Saturday, July 7, 2007

Capital Hill Blue Apologizes to The Ron Paul Campaign

My bad...
July 7, 2007 - 5:38pm.

Because I went without sleep for most of last weekend when we moved the site to new servers, I took a break from editing Blue during the 4th of July week (although I did write a couple of columns).

It seems that three articles were posted about the Ron Paul campaign that were not what I would have written (or approved) and some felt were my work. One of our editors incorrectly assumed that my lack of support for Ron Paul meant he could declare open season on that candidate. He was wrong and I apologize for his misuse of this web site. Read more.

1 comment:

mw said...

Doug Thompson and CHB have zero credibility and any blogger that ever quotes anything they say, whether a story or even a subsequent retraction risks being tainted by the association. This particular story is not unique. Thompson frequently apologizes for, corrects, or simply "disappears" stories he presents at CHB as facts, usually blaming co-workers or untraceable sources. Eric at Classical Values did a great series on Doug Thompson and CHB a year ago, concluding:

"I'm getting a bit tired of Capitol Hill Blue. It's an unreliable web site which I'd never read before July 16, and I think it's staffed by sock puppets... is it possible that reasonable people might be able to agree that regardless of who or what it is, or how, or why it originated, Capitol Hill Blue has been so thoroughly discredited, that it should not be relied on by anyone, anywhere, ever again?"

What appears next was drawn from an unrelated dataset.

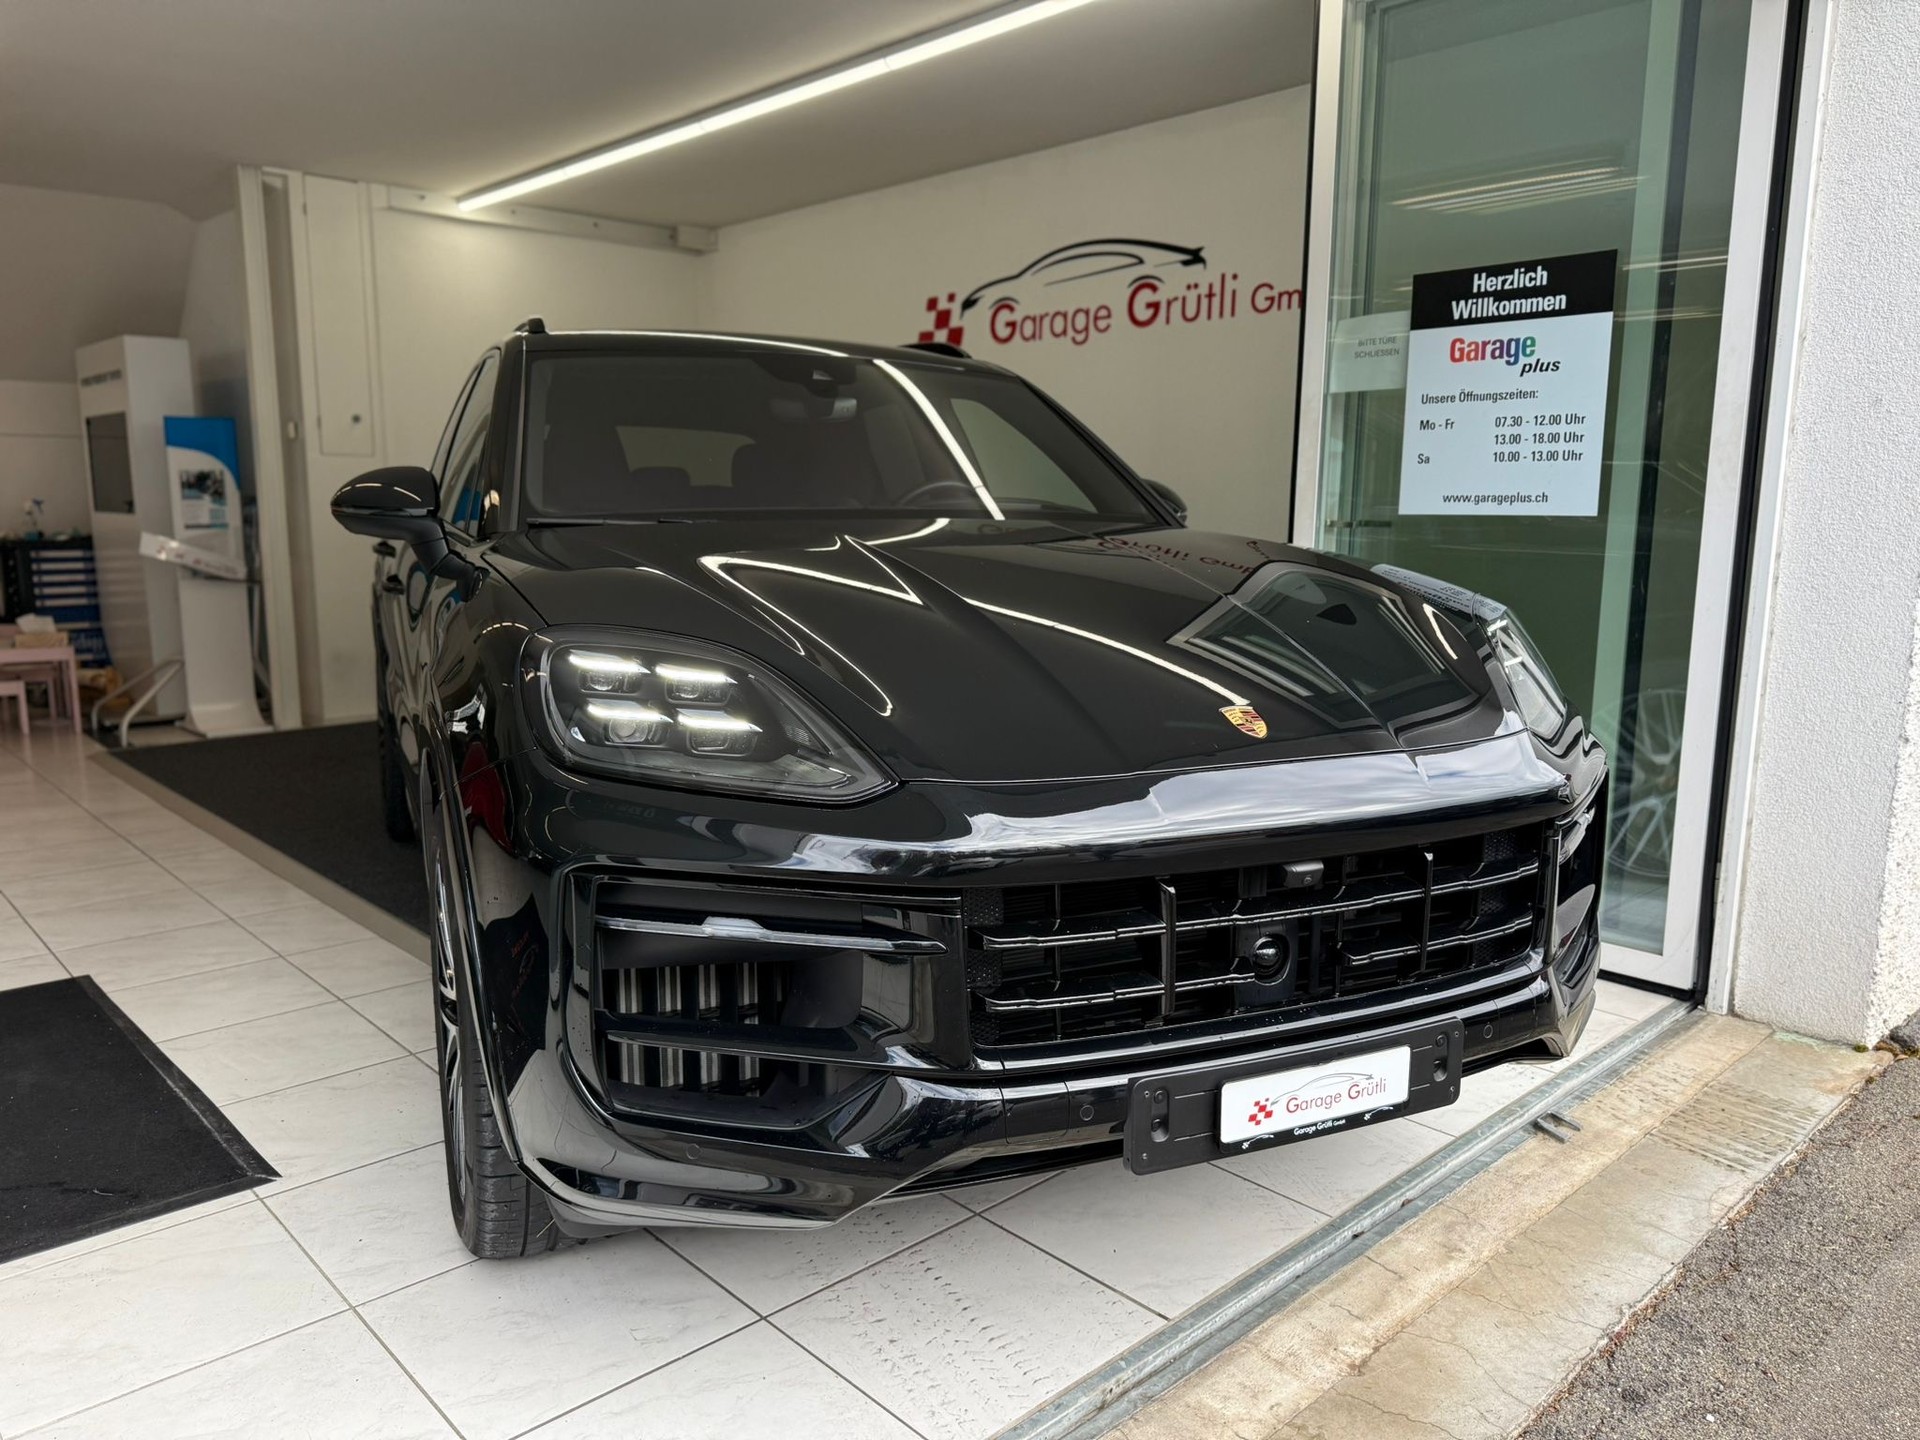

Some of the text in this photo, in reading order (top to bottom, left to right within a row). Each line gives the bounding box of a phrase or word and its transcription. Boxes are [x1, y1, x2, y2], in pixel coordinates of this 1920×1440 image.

It is a great and amusing read. I am speaking from experience, as I quoted DT in a post where he claims that GWB said the Constitution was "A god damn piece of paper" in a meeting. CHB has subsequently retracted, "disappeared", and restored that story on their site. I corrected my piece but left it out there with the correction and links to Eric's story as a cautionary tale for other bloggers.

CHB is a very odd duck, made worse by their claims to be a journalistic site and purporting to hold themselves to a higher journalistic standard than a blog.